### Exercise:
Transcribe each of the records below exactly, excluding all pictures.
Given information Start Marker
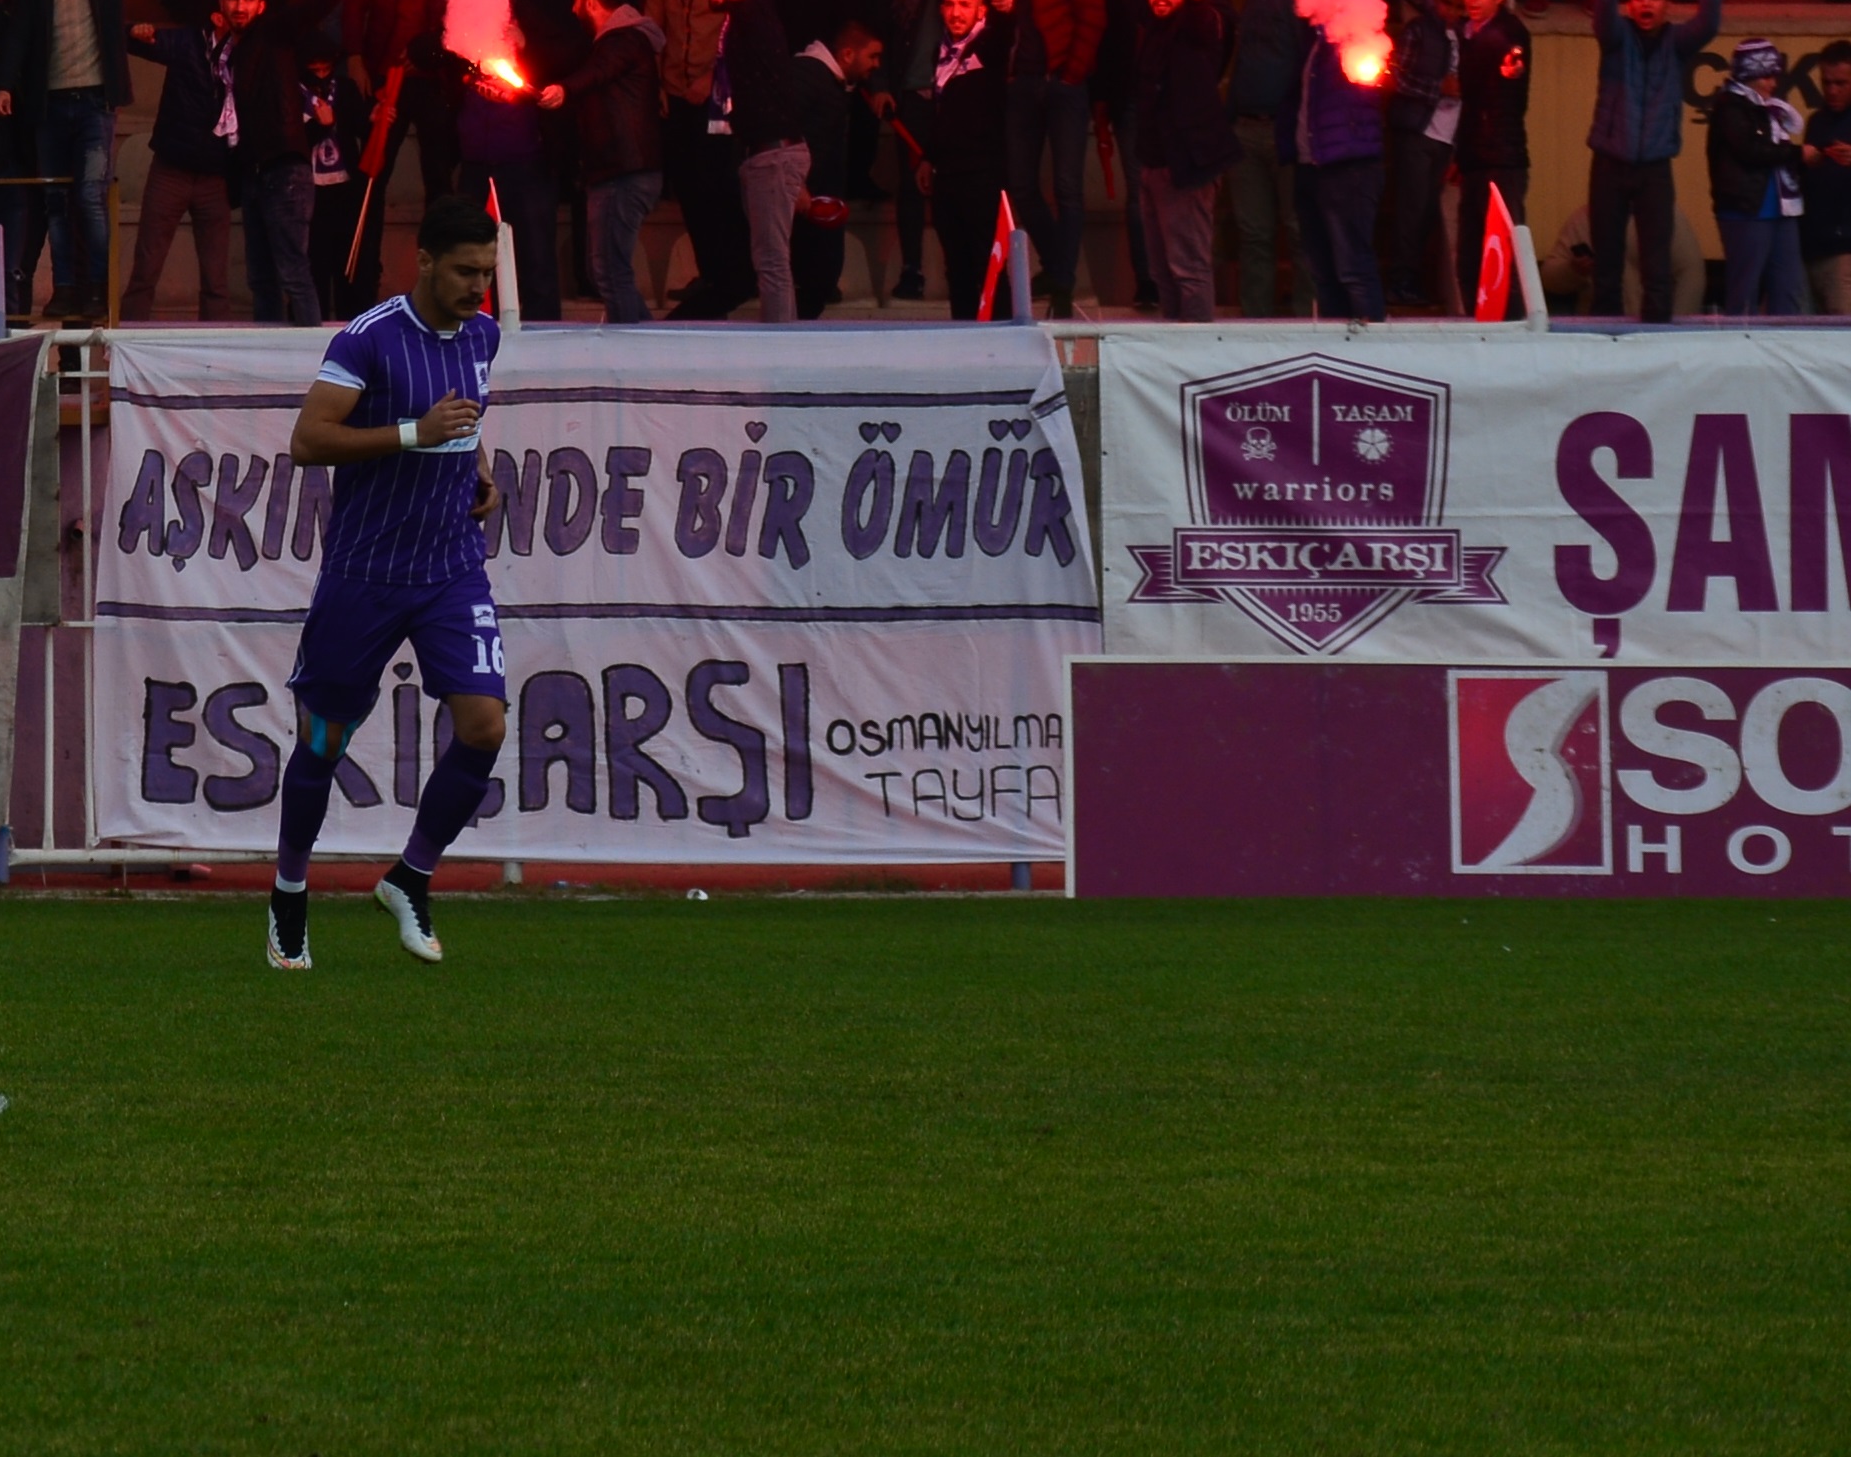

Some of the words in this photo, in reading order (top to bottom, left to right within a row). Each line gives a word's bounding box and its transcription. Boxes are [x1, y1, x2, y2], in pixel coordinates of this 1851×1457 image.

[1225, 402, 1292, 422] ÖLÜM
[1331, 405, 1415, 426] YAŞAM
[674, 421, 815, 570] BİR
[841, 418, 1076, 568] ÖMÜR
[1233, 476, 1395, 502] warriors
[1287, 603, 1343, 623] 1955
[470, 633, 506, 677] 16
[865, 764, 1062, 823] TAYFA
Given information End Marker
### Written answer:
Some of the words in this photo, in reading order (top to bottom, left to right within a row). Each line gives a word's bounding box and its transcription. Boxes are [x1, y1, x2, y2], in pixel coordinates of this 1851×1457 image.

[1225, 402, 1292, 422] ÖLÜM
[1331, 405, 1415, 426] YAŞAM
[674, 421, 815, 570] BİR
[841, 418, 1076, 568] ÖMÜR
[1233, 476, 1395, 502] warriors
[1287, 603, 1343, 623] 1955
[470, 633, 506, 677] 16
[865, 764, 1062, 823] TAYFA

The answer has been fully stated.